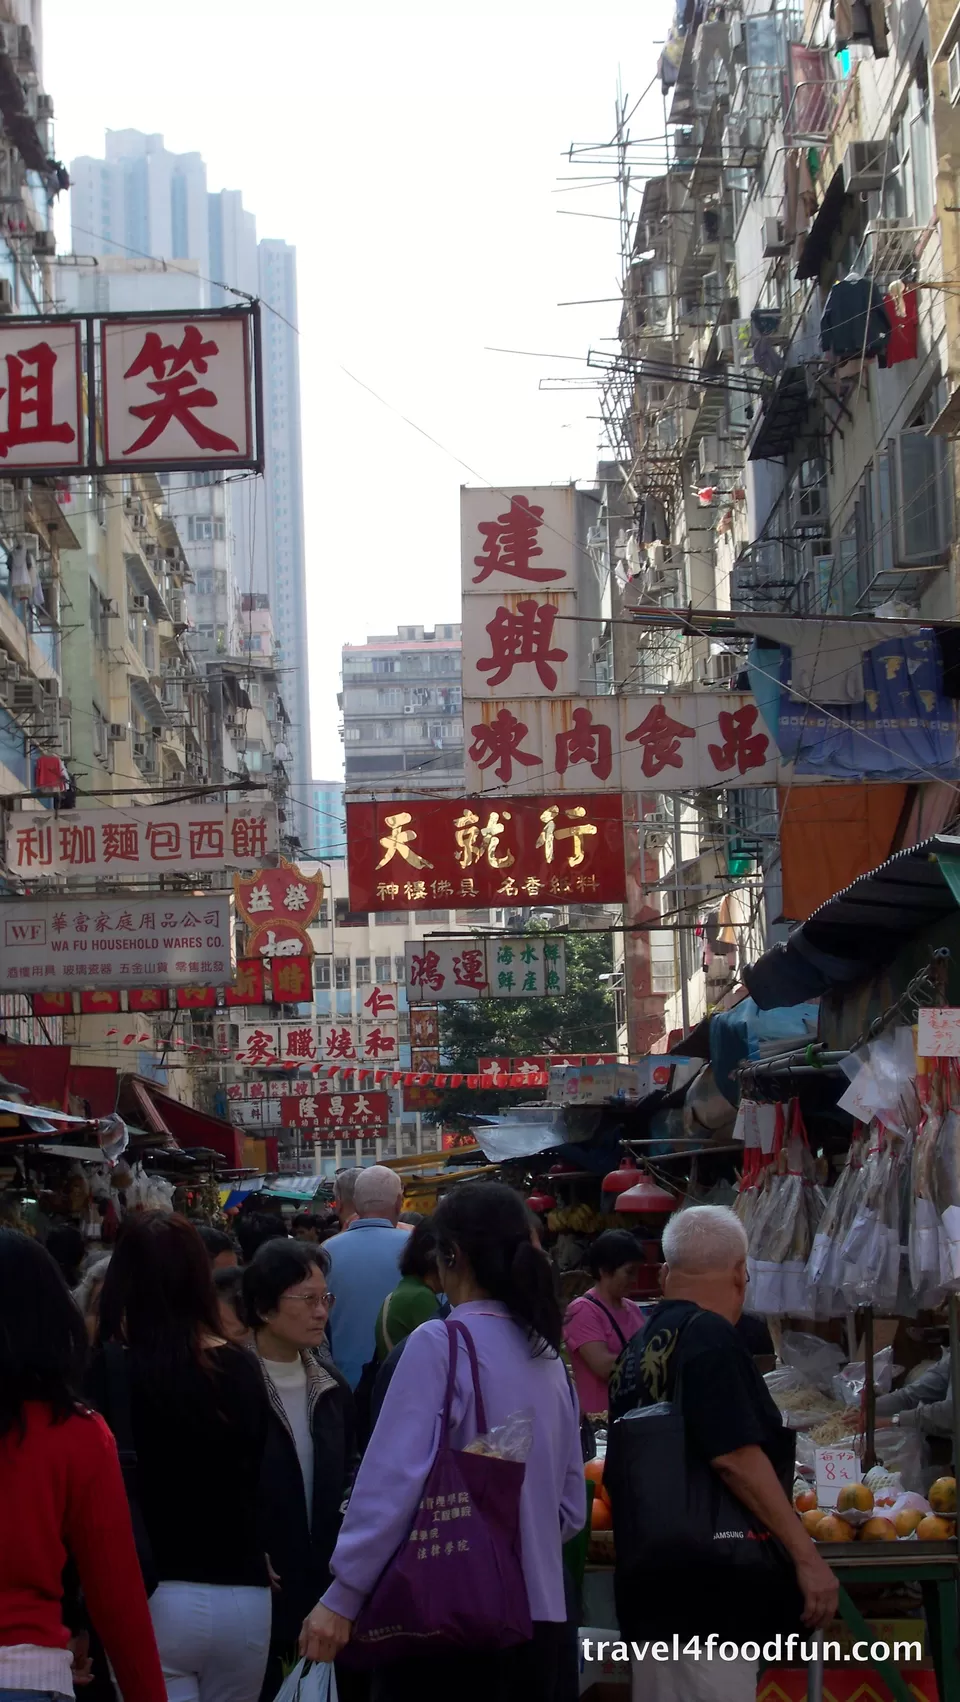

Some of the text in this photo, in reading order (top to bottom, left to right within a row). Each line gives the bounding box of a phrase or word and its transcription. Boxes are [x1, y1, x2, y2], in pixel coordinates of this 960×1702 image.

[468, 703, 769, 782] 凍肉食品
[16, 817, 268, 866] 利珈麵包西餅
[375, 804, 598, 870] 天就行
[11, 924, 42, 941] WF
[52, 910, 221, 934] 華富家庭用品公司
[52, 935, 226, 952] WA FU HOUSEHOLD WARES CO.
[63, 962, 112, 977] 玻璃瓷器
[119, 961, 169, 975] 五金山貨
[175, 960, 225, 973] 零售批發
[410, 949, 490, 991] 鴻運
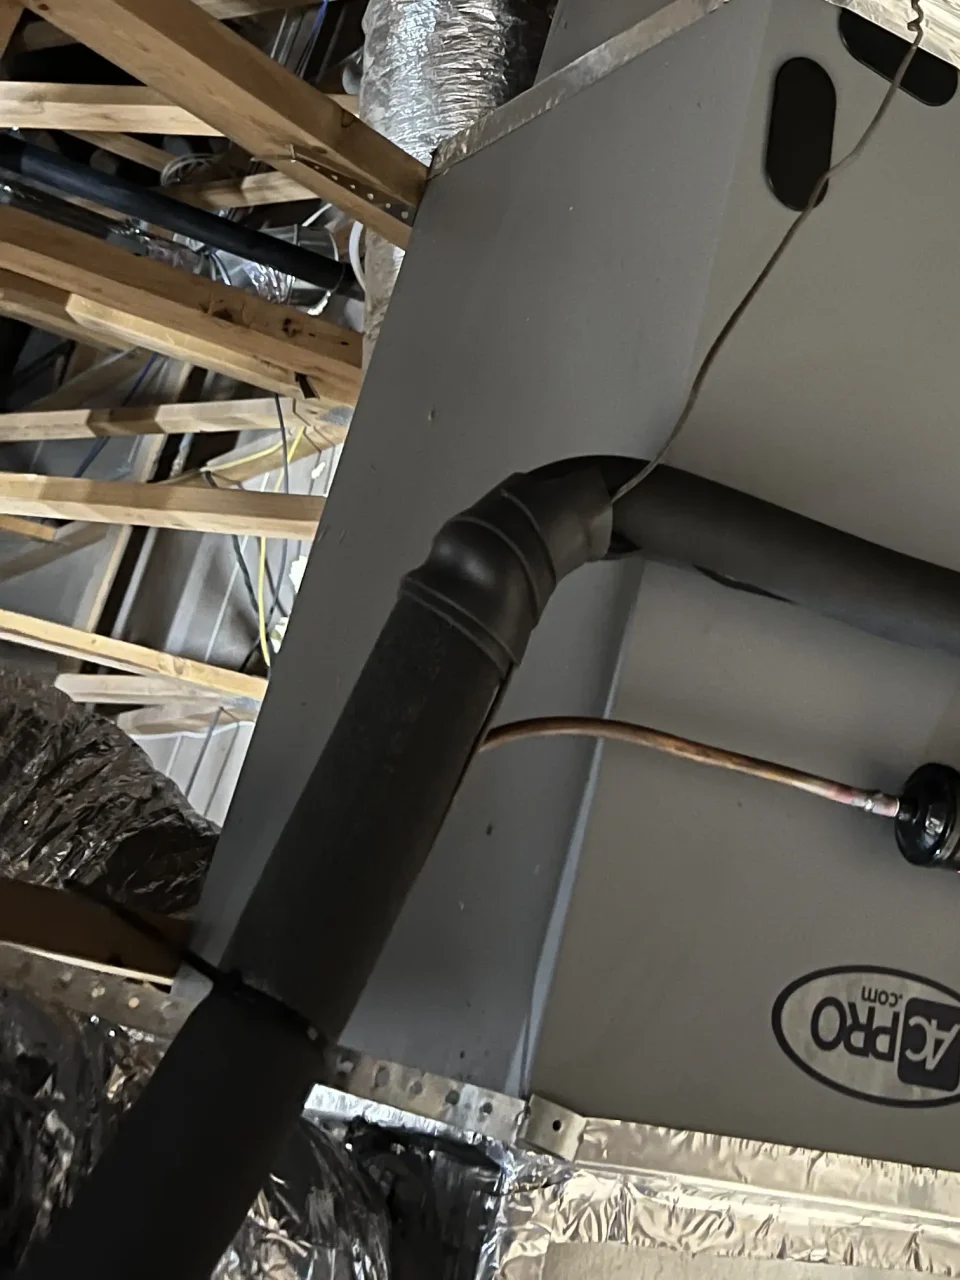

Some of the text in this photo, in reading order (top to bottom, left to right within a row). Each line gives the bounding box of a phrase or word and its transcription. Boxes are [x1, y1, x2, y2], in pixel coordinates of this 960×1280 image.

[860, 985, 903, 1006] .com
[810, 995, 960, 1071] AC PRO

**Exercise instructions:**
Only the lines from the one containing "this 960×1280 image." through the last line above belong in your answer. Retype them exactly.

**Answer:**
Some of the text in this photo, in reading order (top to bottom, left to right within a row). Each line gives the bounding box of a phrase or word and its transcription. Boxes are [x1, y1, x2, y2], in pixel coordinates of this 960×1280 image.

[860, 985, 903, 1006] .com
[810, 995, 960, 1071] AC PRO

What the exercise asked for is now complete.